Playwright Beth Henley’s latest work “The Jacksonian,” debuting in its world premier in Los Angeles, is certainly Southern, but it is anything but comfortable. This 90-minute, part-David Lynch, part-Flannery O’Connor slice of Southern gothic is a reminder of the simultaneously dark and often hilarious mix of confusion, rage, and just plain eccentricity that marked Henley in her Pulitzer Prize-winning “Crimes of the Heart.” 

The five-character, one-act play is set in Jackson, Miss. – the playwright’s hometown – in 1964, during the tumultuous transition era of the deep South, rife with Ku Klux Klan fighting the rising civil rights movement. Real-life husband and wife stars Ed Harris and Amy Madigan play Bill and Susan, a dentist and his social-climbing wife who blames him for her hysterectomy. He has been banished to a dreary motel room at The Jacksonian, where denizens Fred and Eva – played over the top by Bill Pullman and Glenne Headly – haunt the bar and lives of those unlucky enough to pass through what are clearly one-way doors at this flop house on the edge of town.

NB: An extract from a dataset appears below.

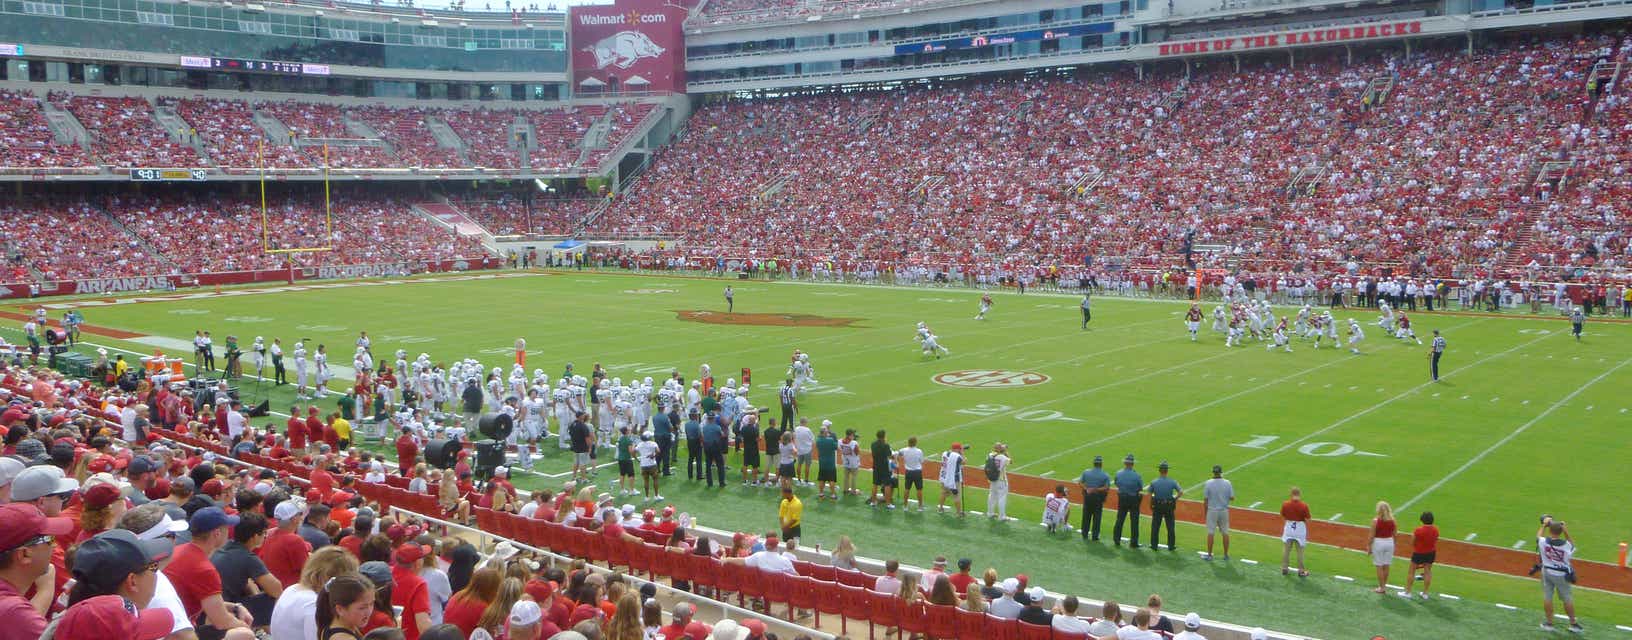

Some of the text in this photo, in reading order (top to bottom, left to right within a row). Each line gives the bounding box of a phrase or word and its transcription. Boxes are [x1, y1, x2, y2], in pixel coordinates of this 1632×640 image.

Holding together the narrative thread of the events that unfold is Bill and Susan’s outrageously unattractive daughter, Rosy. Her fevered, second-sight and nonlinear recollection of the crescendoing events that now define her life swirl around her rising chorus of premonitions and wails for a normal life that was never to be granted this tortured soul.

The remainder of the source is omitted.